(Data entries)
╭──
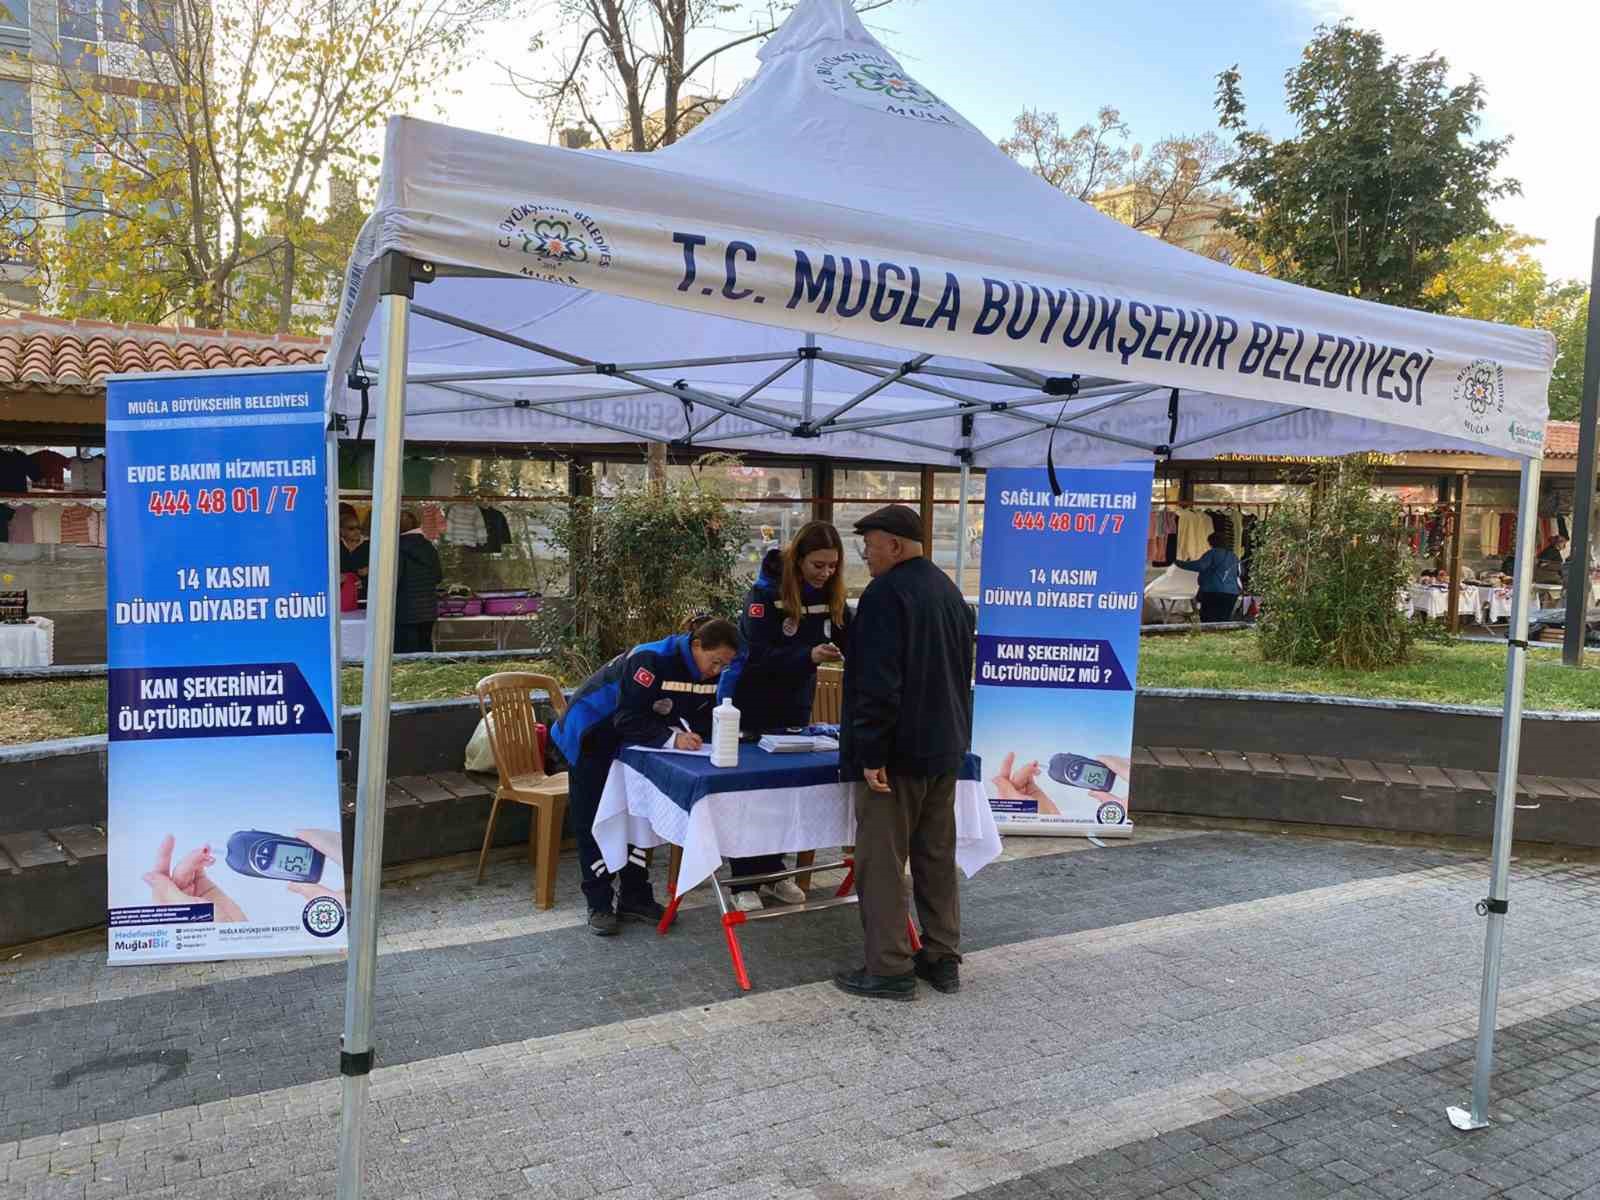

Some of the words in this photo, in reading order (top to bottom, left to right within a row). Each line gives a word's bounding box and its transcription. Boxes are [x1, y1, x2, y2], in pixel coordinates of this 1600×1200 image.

[672, 231, 766, 304] T.C.
[1237, 320, 1435, 406] BELEDİYESİ
[128, 398, 168, 415] MUĞLA
[172, 394, 241, 412] BÜYÜKŞEHİR
[245, 391, 309, 409] BELEDİYESİ
[128, 466, 166, 483] EVDE
[170, 463, 220, 482] BAKIM
[226, 456, 317, 480] HİZMETLERİ
[149, 490, 190, 516] 444
[198, 488, 225, 514] 48
[231, 488, 259, 514] 01
[282, 486, 298, 512] 7
[1000, 488, 1050, 507] SAĞLIK
[1054, 490, 1137, 510] HİZMETLERİ
[1012, 511, 1044, 531] 444
[1049, 512, 1071, 532] 48
[1075, 513, 1096, 532] 01
[1112, 514, 1125, 534] 7
[177, 568, 200, 590] 14
[206, 565, 270, 589] KASIM
[1029, 568, 1047, 584] 14
[1051, 569, 1098, 586] KASIM
[116, 598, 183, 624] DÜNYA
[189, 595, 269, 622] DİYABET
[275, 592, 327, 619] GÜNÜ
[985, 586, 1032, 607] DÜNYA
[1036, 588, 1094, 609] DİYABET
[1097, 591, 1138, 610] GÜNÜ
[997, 643, 1025, 660] KAN
[1028, 643, 1100, 662] ŞEKERİNİZİ
[982, 661, 1075, 683] ÖLÇTÜRDÜNÜZ
[1078, 663, 1100, 683] MÜ
[1103, 668, 1112, 684] ?
[140, 677, 178, 700] KAN
[183, 669, 284, 701] ŞEKERİNİZİ
[118, 702, 252, 733] ÖLÇTÜRDÜNÜZ
[257, 700, 288, 726] MÜ
[292, 703, 305, 725] ?
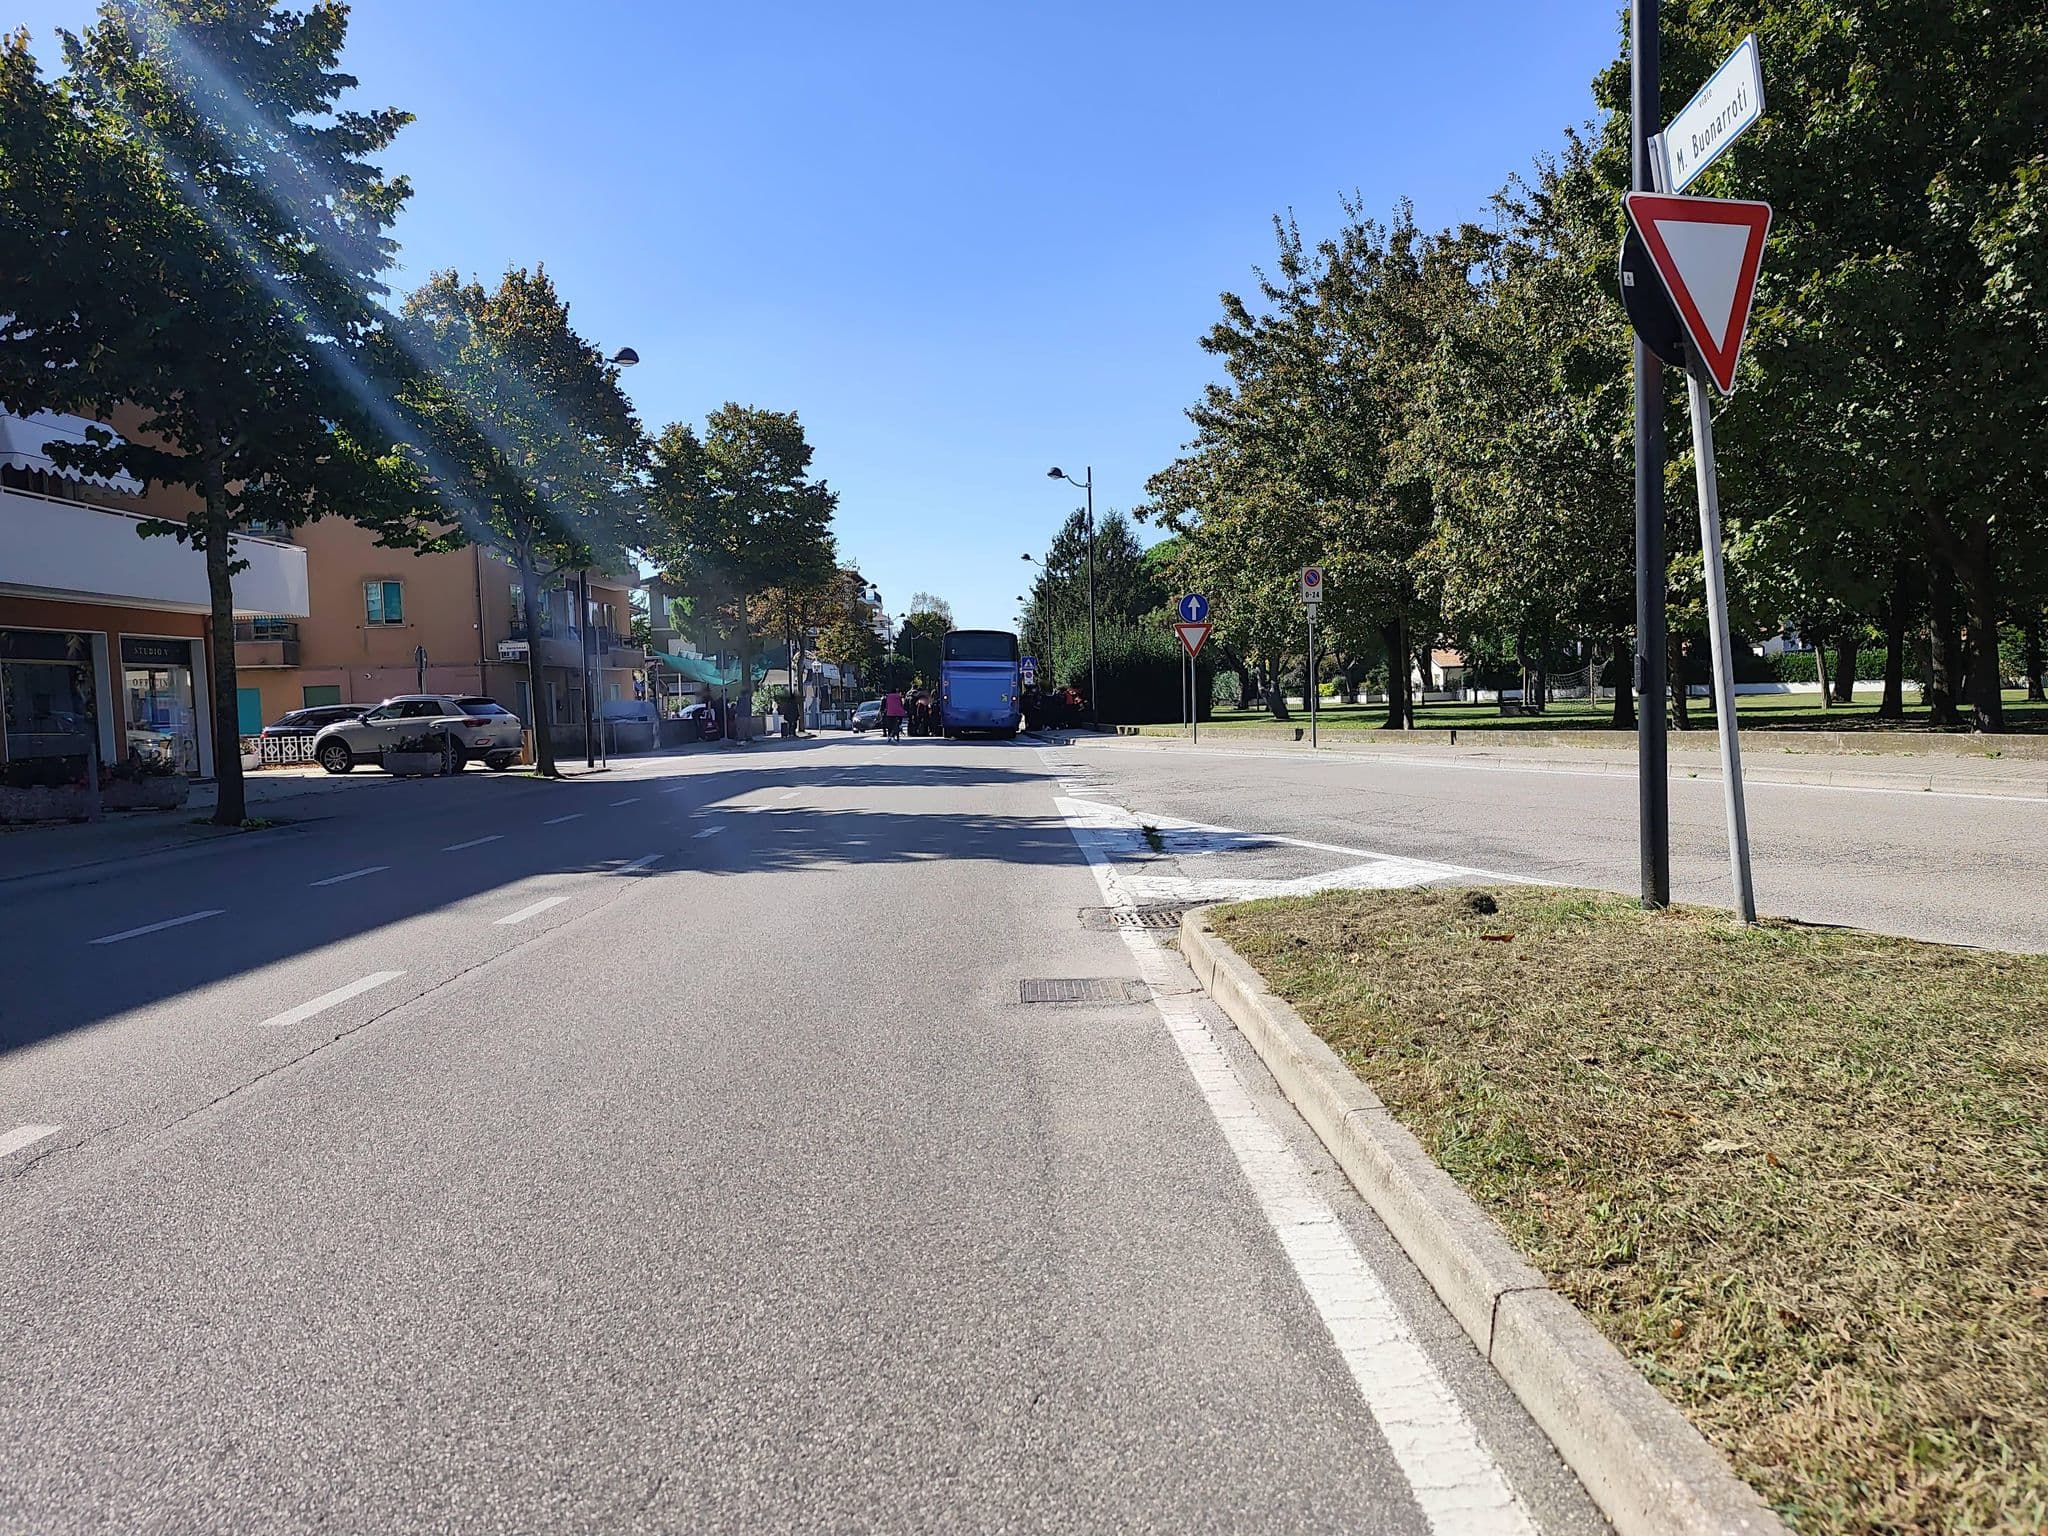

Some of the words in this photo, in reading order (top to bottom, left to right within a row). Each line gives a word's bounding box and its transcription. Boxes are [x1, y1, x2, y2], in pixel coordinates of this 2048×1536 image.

[1698, 88, 1713, 108] viale
[1676, 148, 1688, 174] M.
[1692, 82, 1748, 158] Buonarroti
[134, 647, 162, 656] STUDIO
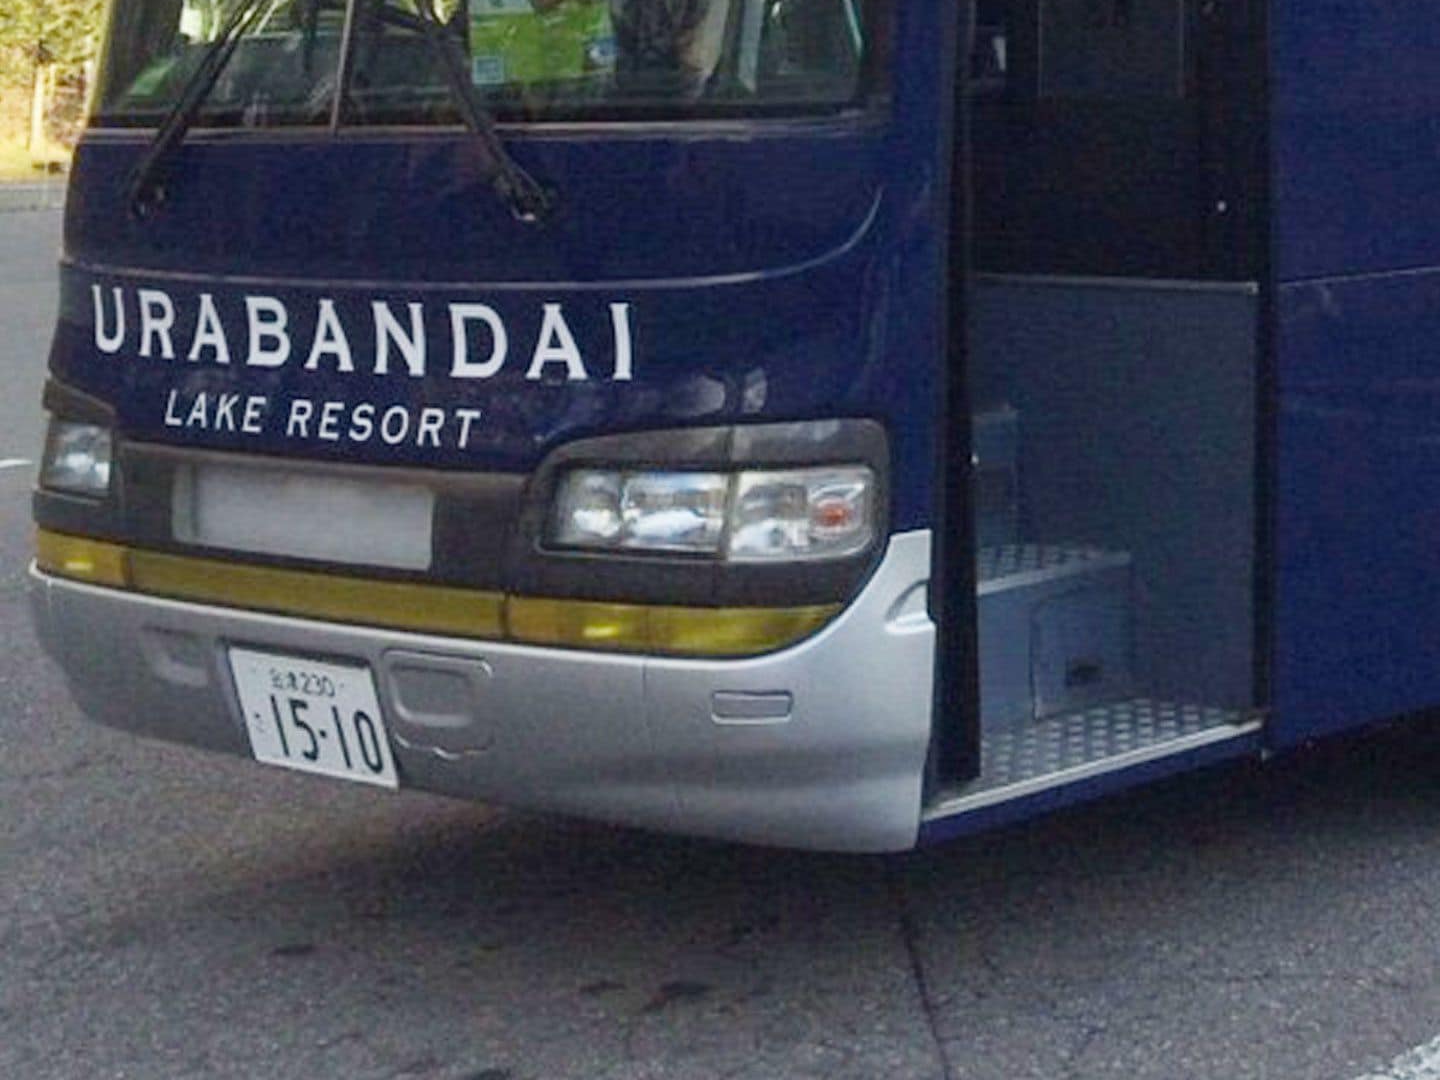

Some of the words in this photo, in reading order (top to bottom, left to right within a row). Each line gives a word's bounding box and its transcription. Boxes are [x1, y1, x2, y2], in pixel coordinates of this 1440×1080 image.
╰──
= What you will do =
In transcribing the lines above, omit the images and keep all else exact.

= Solved exercise =
Some of the words in this photo, in reading order (top to bottom, left to right within a row). Each line gives a word's bounding box and its transcription. Boxes are [x1, y1, x2, y2], in pixel coordinates of this 1600×1200 image.

[672, 231, 766, 304] T.C.
[1237, 320, 1435, 406] BELEDİYESİ
[128, 398, 168, 415] MUĞLA
[172, 394, 241, 412] BÜYÜKŞEHİR
[245, 391, 309, 409] BELEDİYESİ
[128, 466, 166, 483] EVDE
[170, 463, 220, 482] BAKIM
[226, 456, 317, 480] HİZMETLERİ
[149, 490, 190, 516] 444
[198, 488, 225, 514] 48
[231, 488, 259, 514] 01
[282, 486, 298, 512] 7
[1000, 488, 1050, 507] SAĞLIK
[1054, 490, 1137, 510] HİZMETLERİ
[1012, 511, 1044, 531] 444
[1049, 512, 1071, 532] 48
[1075, 513, 1096, 532] 01
[1112, 514, 1125, 534] 7
[177, 568, 200, 590] 14
[206, 565, 270, 589] KASIM
[1029, 568, 1047, 584] 14
[1051, 569, 1098, 586] KASIM
[116, 598, 183, 624] DÜNYA
[189, 595, 269, 622] DİYABET
[275, 592, 327, 619] GÜNÜ
[985, 586, 1032, 607] DÜNYA
[1036, 588, 1094, 609] DİYABET
[1097, 591, 1138, 610] GÜNÜ
[997, 643, 1025, 660] KAN
[1028, 643, 1100, 662] ŞEKERİNİZİ
[982, 661, 1075, 683] ÖLÇTÜRDÜNÜZ
[1078, 663, 1100, 683] MÜ
[1103, 668, 1112, 684] ?
[140, 677, 178, 700] KAN
[183, 669, 284, 701] ŞEKERİNİZİ
[118, 702, 252, 733] ÖLÇTÜRDÜNÜZ
[257, 700, 288, 726] MÜ
[292, 703, 305, 725] ?

Some of the words in this photo, in reading order (top to bottom, left to right within a row). Each line gives a word's bounding box and its transcription. Boxes are [x1, y1, x2, y2], in pixel coordinates of this 2048×1536 image.

[1698, 88, 1713, 108] viale
[1676, 148, 1688, 174] M.
[1692, 82, 1748, 158] Buonarroti
[134, 647, 162, 656] STUDIO

Some of the words in this photo, in reading order (top to bottom, left to right within a row). Each line gives a word's bounding box and its transcription. Boxes are [x1, y1, x2, y2], in pixel coordinates of this 1440×1080 image.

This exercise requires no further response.